EXERCISE DESCRIPTION:
Return the data below unaltered, but strip out the pictures.

------------------------

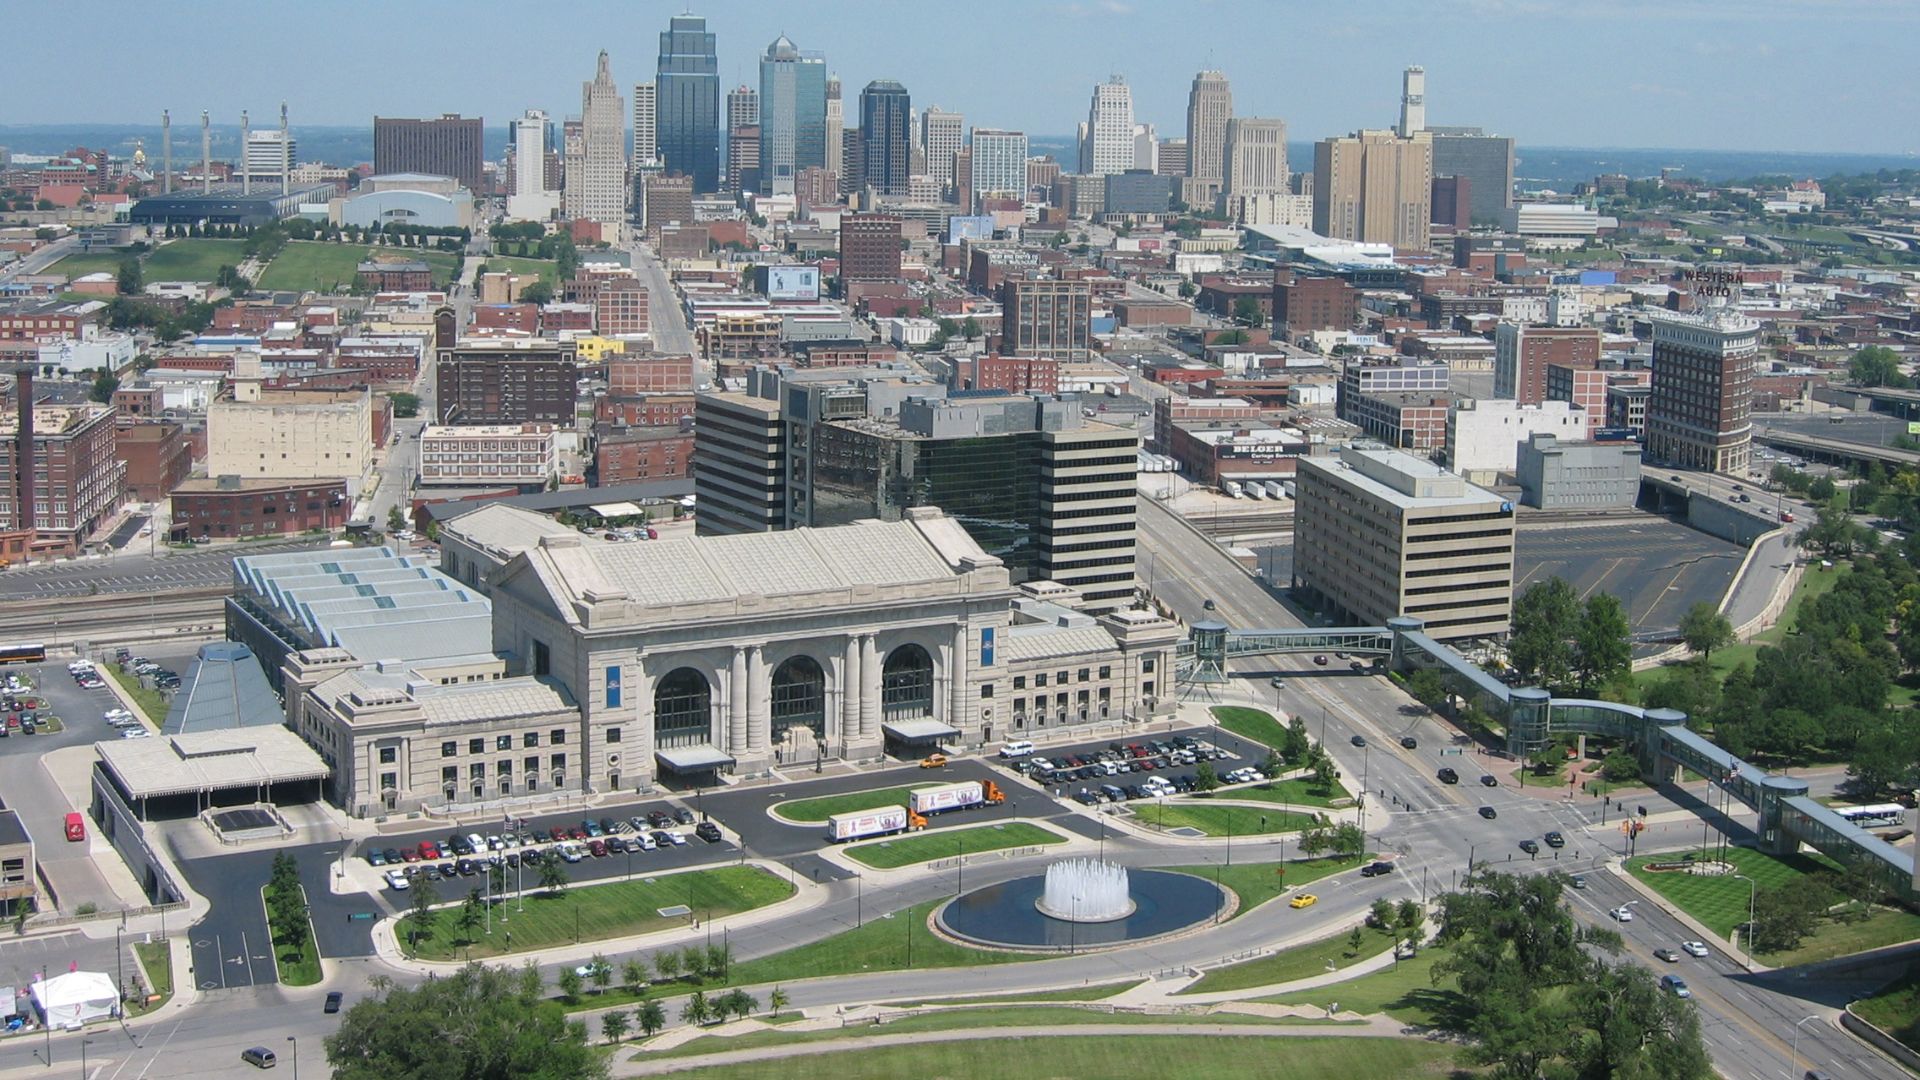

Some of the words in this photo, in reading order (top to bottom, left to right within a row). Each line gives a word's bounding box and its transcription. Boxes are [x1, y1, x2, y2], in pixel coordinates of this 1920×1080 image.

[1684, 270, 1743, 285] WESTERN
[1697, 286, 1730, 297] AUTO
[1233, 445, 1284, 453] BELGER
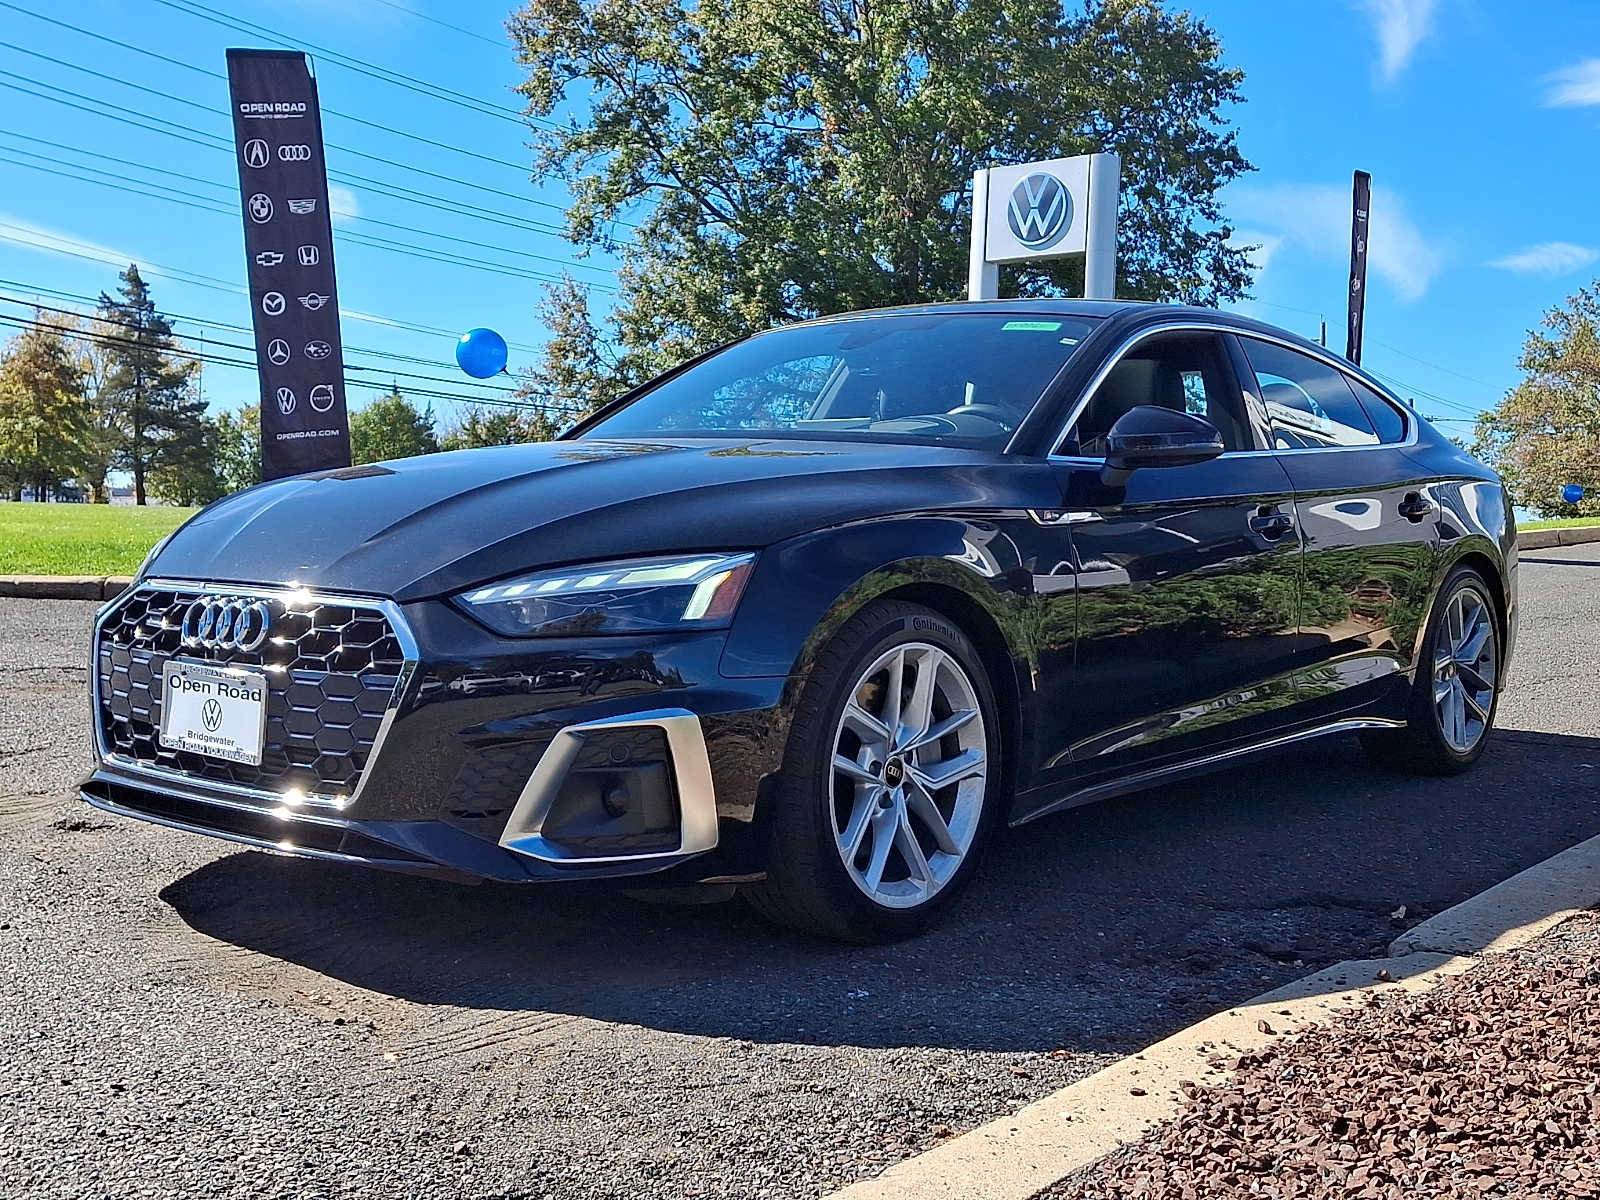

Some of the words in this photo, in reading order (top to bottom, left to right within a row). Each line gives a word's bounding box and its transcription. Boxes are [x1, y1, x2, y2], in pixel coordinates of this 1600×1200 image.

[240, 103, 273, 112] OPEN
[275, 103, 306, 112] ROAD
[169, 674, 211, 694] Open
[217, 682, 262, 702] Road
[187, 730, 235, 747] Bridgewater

------------------------

ANSWER TO THE PROBLEM:
Some of the words in this photo, in reading order (top to bottom, left to right within a row). Each line gives a word's bounding box and its transcription. Boxes are [x1, y1, x2, y2], in pixel coordinates of this 1920×1080 image.

[1684, 270, 1743, 285] WESTERN
[1697, 286, 1730, 297] AUTO
[1233, 445, 1284, 453] BELGER

Some of the words in this photo, in reading order (top to bottom, left to right within a row). Each line gives a word's bounding box and its transcription. Boxes are [x1, y1, x2, y2], in pixel coordinates of this 1600×1200 image.

[240, 103, 273, 112] OPEN
[275, 103, 306, 112] ROAD
[169, 674, 211, 694] Open
[217, 682, 262, 702] Road
[187, 730, 235, 747] Bridgewater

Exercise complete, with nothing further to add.